Required work: Without any of their pictures, return all of the records exactly.

== Segment start ==

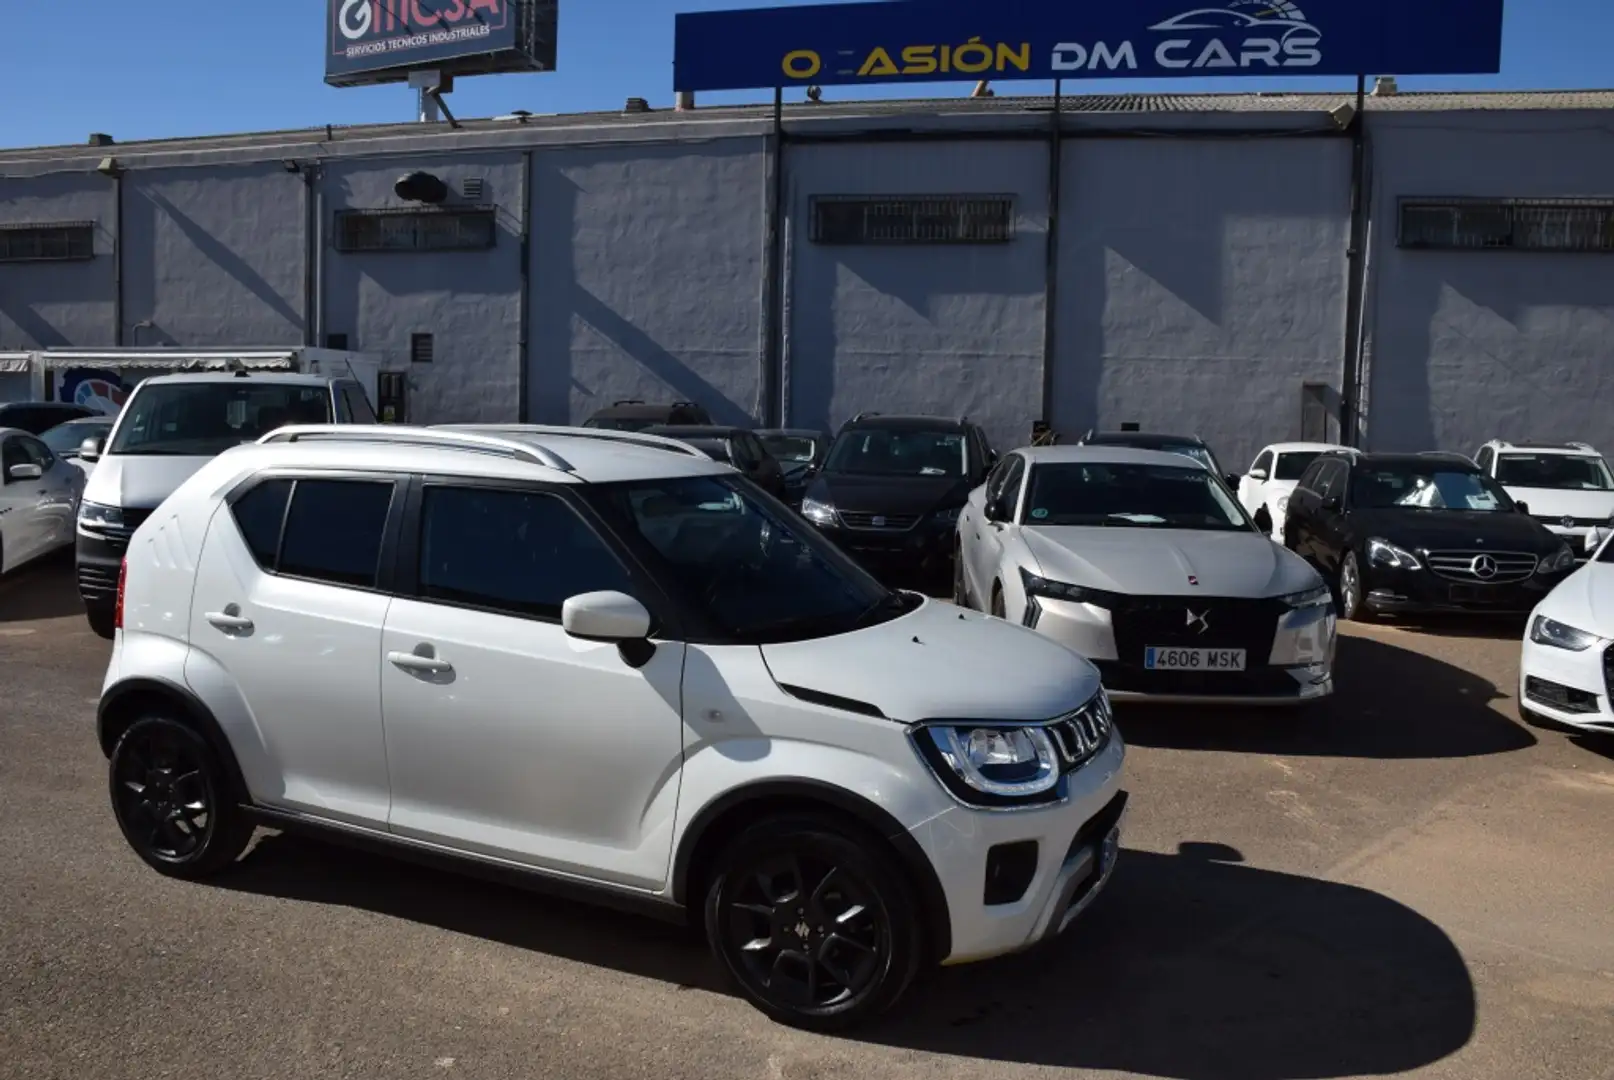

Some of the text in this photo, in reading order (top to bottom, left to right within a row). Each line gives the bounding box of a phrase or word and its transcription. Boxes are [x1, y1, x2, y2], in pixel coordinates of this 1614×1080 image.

[346, 25, 490, 57] SERVICIOS TECNICOS INDUSTRIALES
[1051, 40, 1137, 71] DM
[1154, 37, 1322, 68] CARS
[1157, 650, 1242, 668] 4606 MSK

== Segment end ==

Response to the task:
Some of the text in this photo, in reading order (top to bottom, left to right within a row). Each line gives the bounding box of a phrase or word and its transcription. Boxes are [x1, y1, x2, y2], in pixel coordinates of this 1614×1080 image.

[346, 25, 490, 57] SERVICIOS TECNICOS INDUSTRIALES
[1051, 40, 1137, 71] DM
[1154, 37, 1322, 68] CARS
[1157, 650, 1242, 668] 4606 MSK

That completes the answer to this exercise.